0

Learning Scala from the Scala for Data Science book and the companion Github repo, here I am particularly talking about this function, copied below for reference.

    def fromList[T: ClassTag](index: Int, converter: String => T): DenseVector[T] =
      DenseVector.tabulate(lines.size) { row => converter(splitLines(row)(index)) }

What does the DenseVector.tabulate(lines.size) mean between the = sign and the function body definition? New to scala (with background from python and C++), so cannot figure out if that DenseVector.tabulate(lines.size) is a local variable of the function being defined (when it should be declared inside the definition) or something else?
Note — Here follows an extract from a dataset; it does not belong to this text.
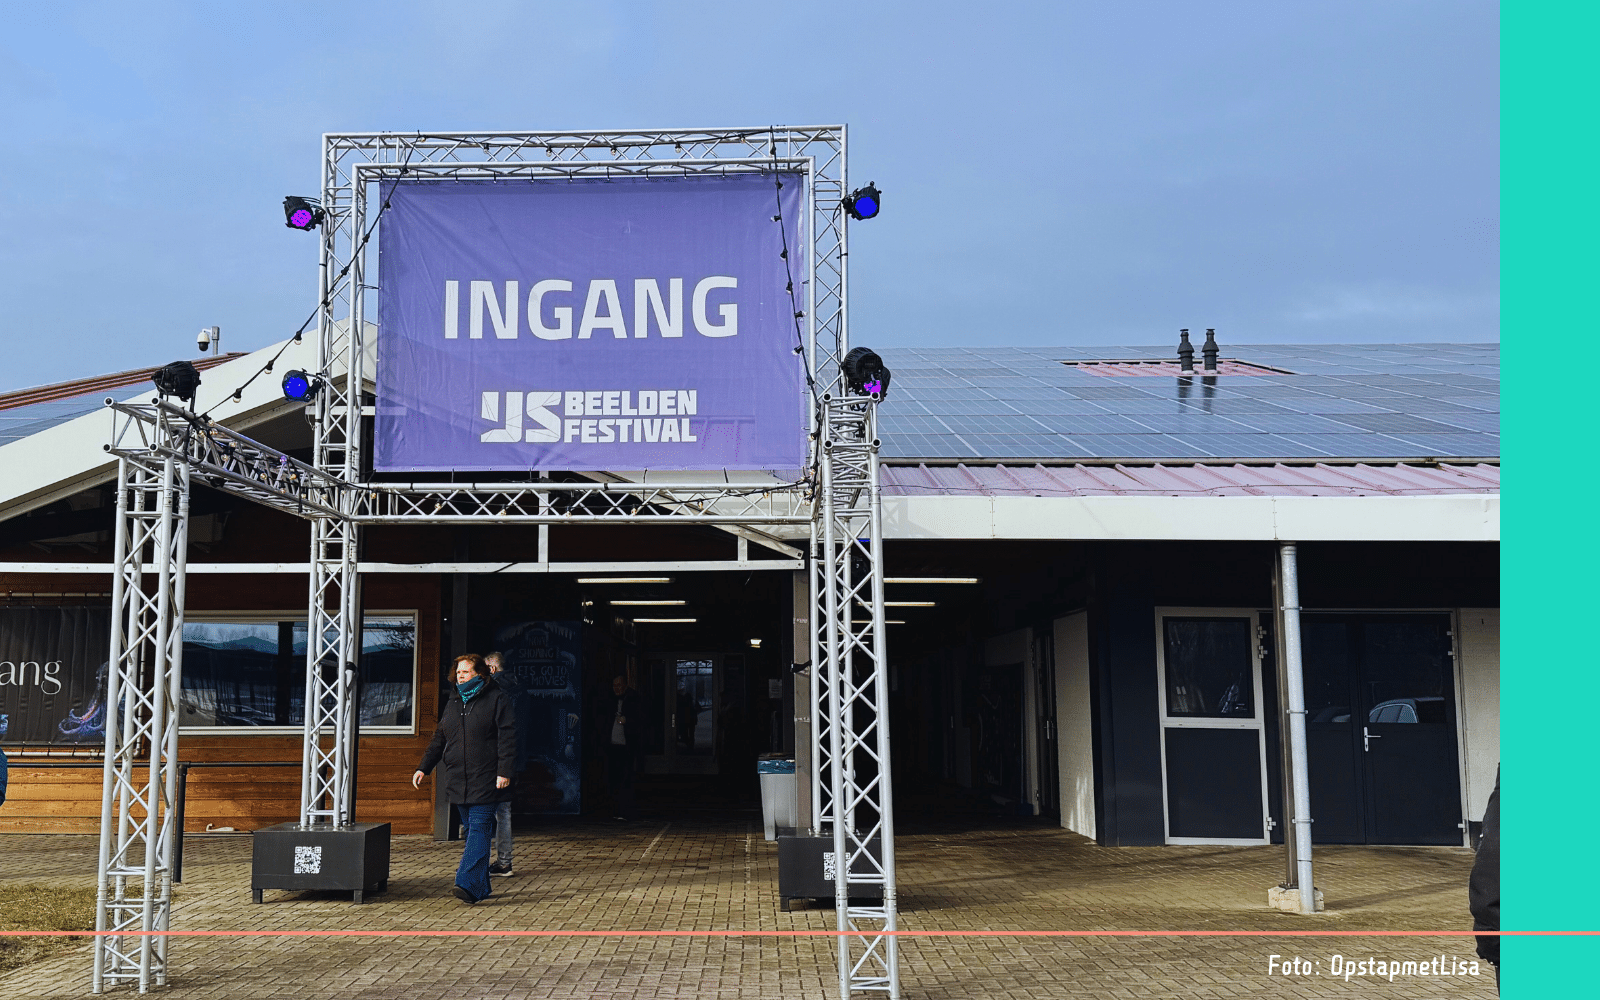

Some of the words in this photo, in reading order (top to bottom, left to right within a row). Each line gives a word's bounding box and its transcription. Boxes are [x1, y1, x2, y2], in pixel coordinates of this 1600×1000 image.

It cannot be the return type, from what I understand of scala syntax.

Also, is the ClassTag equivalent to template in C++?

To help you answer the question,

  • splitLines has type scala.collection.immutable.Vector[Array[String]]
  • lines.size is an unsigned int (obvious, but still making it clear)
Dmytro Mitin
  • 48,194
  • 3
  • 28
  • 66
Della
  • 1,264
  • 2
  • 15
  • 32
  • 2
    `T: ClassTag` means runtime information of type T is passed along the function. For more info https://stackoverflow.com/q/40202504/757071. – Johny T Koshy Mar 29 '23 at 04:31
  • 2
    `DenseVector.tabulate` is a curried function that creates a DenseVector of a particular size and applies a function to each value. For more about currying: https://stackoverflow.com/q/62448617/757071 – Johny T Koshy Mar 29 '23 at 04:34
  • See this also for `ClassTag`: https://stackoverflow.com/q/34495711/757071 – Johny T Koshy Mar 29 '23 at 04:42

2 Answers2

4

DenseVector.tabulate is a factory function (defined on the companion object of DenseVector) that has two parameter lists with one parameter each (so altogether, it takes two explicit parameters: size: Int and a function f: Int => V).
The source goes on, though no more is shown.